As shown in FIG. 4, the semiconductor wafer W1 in which a plurality of circuits such as IC and LSI are divided by the streets S and formed into a plurality of surfaces is ground to the streets S after its back surface is ground and processed to a predetermined thickness. By cutting vertically and horizontally, each circuit is divided into individual semiconductor chips C. FIG.

As shown in FIG. 5, the cutting groove 60 corresponding to the thickness of the final semiconductor chip is formed in advance on the street S of the semiconductor wafer W2, and the cutting groove 60 is ground by grinding the back surface. The semiconductor chip C can also be formed for each circuit similarly by a technique called dicing which is exposed and divided into individual semiconductor chips C. FIG.

In any of the above cases, when grinding the back surface of the semiconductor wafer, as shown in FIG. 6, a circuit protection protective tape T having the same outer diameter as the semiconductor wafers W1 and W2 is adhered to the surface, and the protection thereof. The tape T is lowered and adsorb | sucked to the chuck table 70. FIG. Then, the grinding charcoal 73 rotates and descends to contact the rear surfaces of the semiconductor wafers W1 and W2, whereby the rear surfaces are ground to a desired thickness.

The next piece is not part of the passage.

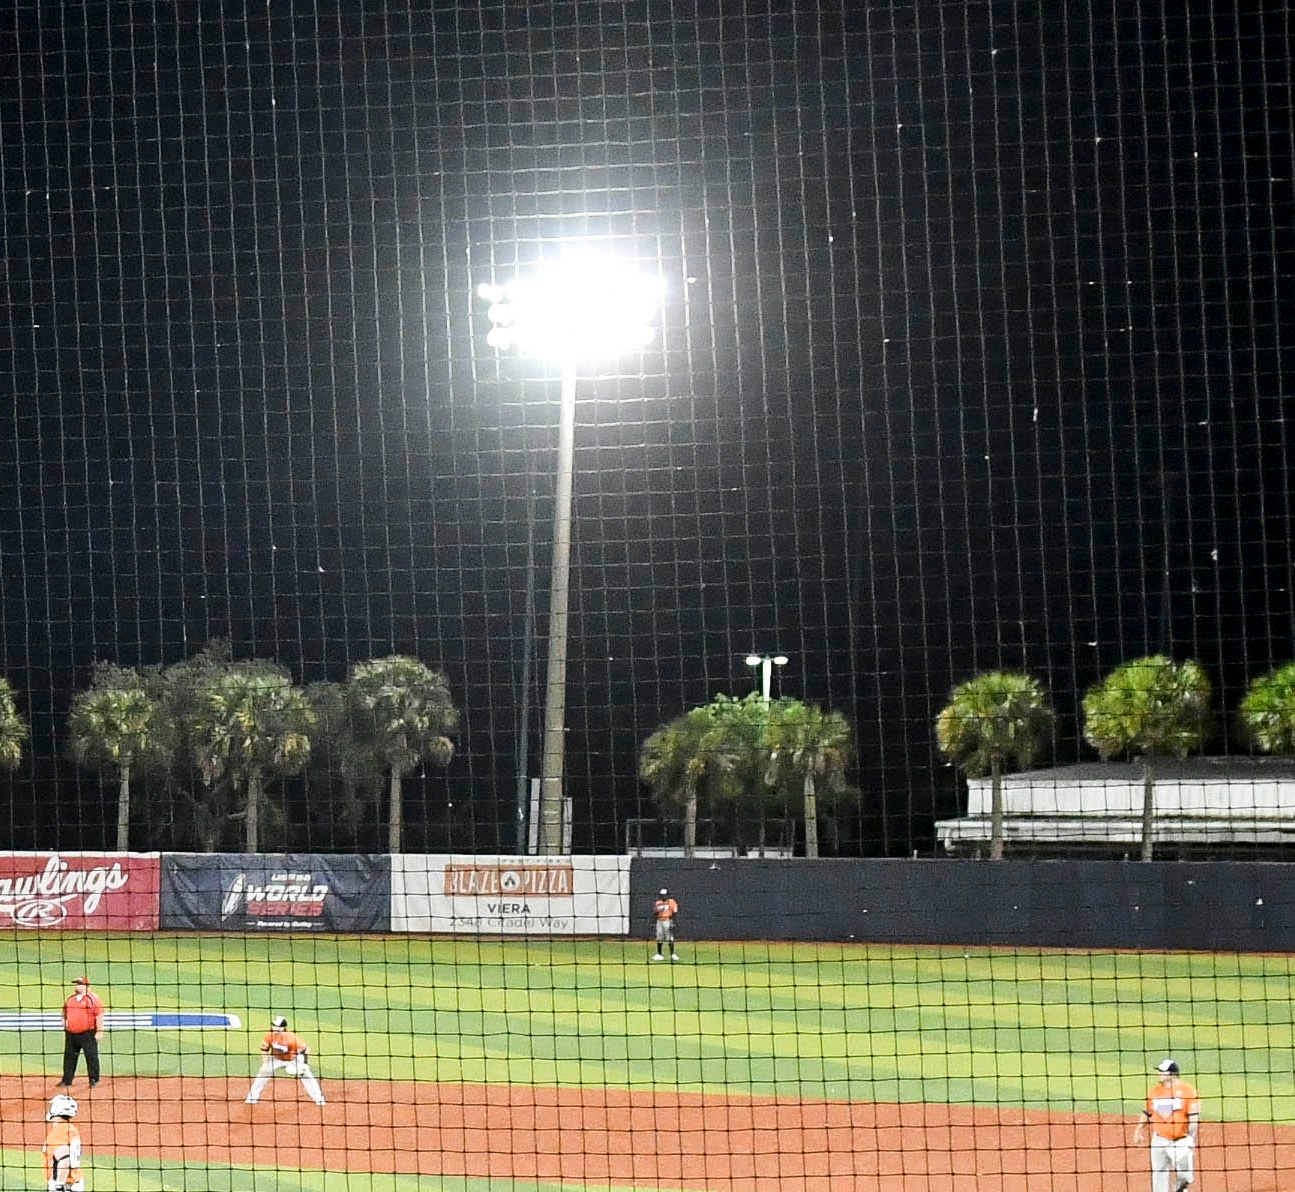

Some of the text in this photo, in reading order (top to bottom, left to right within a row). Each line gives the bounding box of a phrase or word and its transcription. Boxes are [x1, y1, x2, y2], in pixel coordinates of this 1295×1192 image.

In particular, in recent years, in order to meet the demand for miniaturization and thinning of various electronic devices such as mobile phones and laptop-type personal computers, it is required to form the semiconductor wafer as thin as 100 μm or less, and further, 50 μm or less.

The chuck table 70 in FIG. 6 includes a suction region 71 that communicates with a suction source and sucks the semiconductor wafers W1 and W2, and a frame 72 that surrounds and supports the suction region 71. And the outer diameter of the suction region 71 is smaller than the outer diameter of the semiconductor wafers W1 and W2 to prevent leakage of air, thereby firmly fixing and grinding the semiconductor wafers W1 and W2. It prevents intrusion of debris.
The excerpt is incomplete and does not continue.